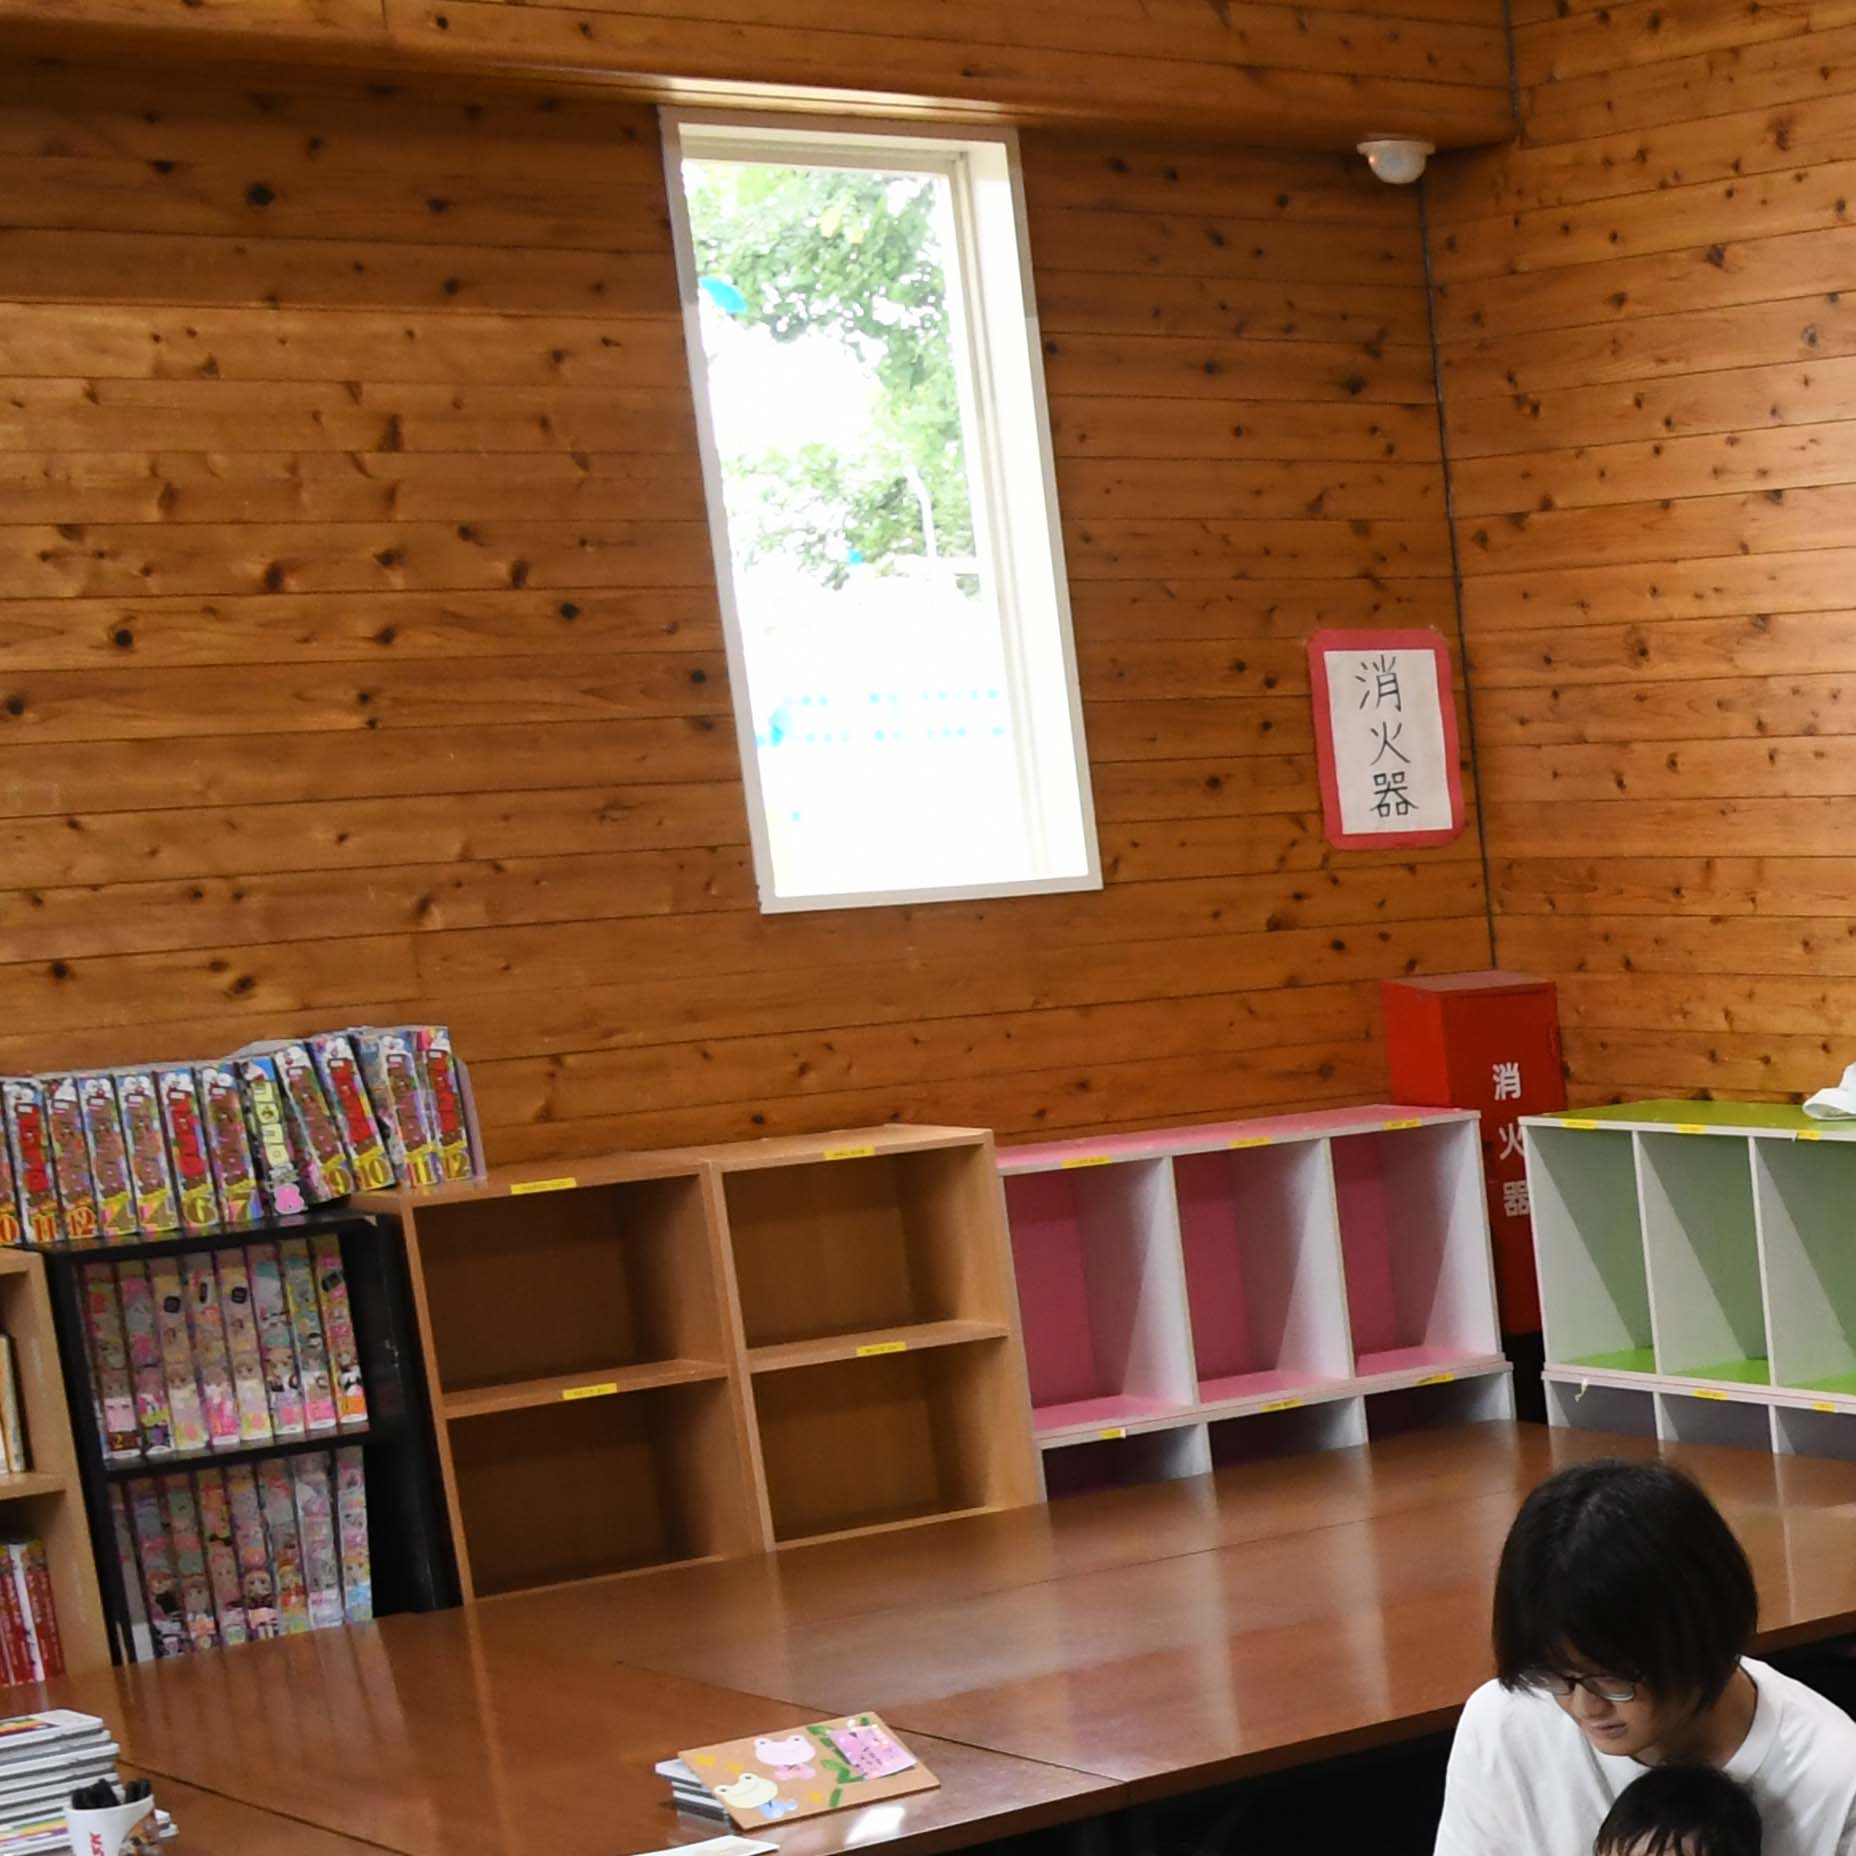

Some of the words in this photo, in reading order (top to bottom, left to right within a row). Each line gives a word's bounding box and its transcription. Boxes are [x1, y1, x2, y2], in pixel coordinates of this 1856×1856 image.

[1355, 654, 1419, 818] 消火器
[1492, 1062, 1531, 1217] 消火器
[360, 1157, 391, 1190] 10
[446, 1151, 471, 1180] 12
[69, 1206, 96, 1239] 12
[183, 1194, 218, 1226] 6
[226, 1191, 252, 1223] 7

————————

Write out the whole of the data exactly; the pictures stay out.

Some of the words in this photo, in reading order (top to bottom, left to right within a row). Each line gives a word's bounding box and its transcription. Boxes are [x1, y1, x2, y2], in pixel coordinates of this 1856×1856 image.

[1355, 654, 1419, 818] 消火器
[1492, 1062, 1531, 1217] 消火器
[360, 1157, 391, 1190] 10
[446, 1151, 471, 1180] 12
[69, 1206, 96, 1239] 12
[183, 1194, 218, 1226] 6
[226, 1191, 252, 1223] 7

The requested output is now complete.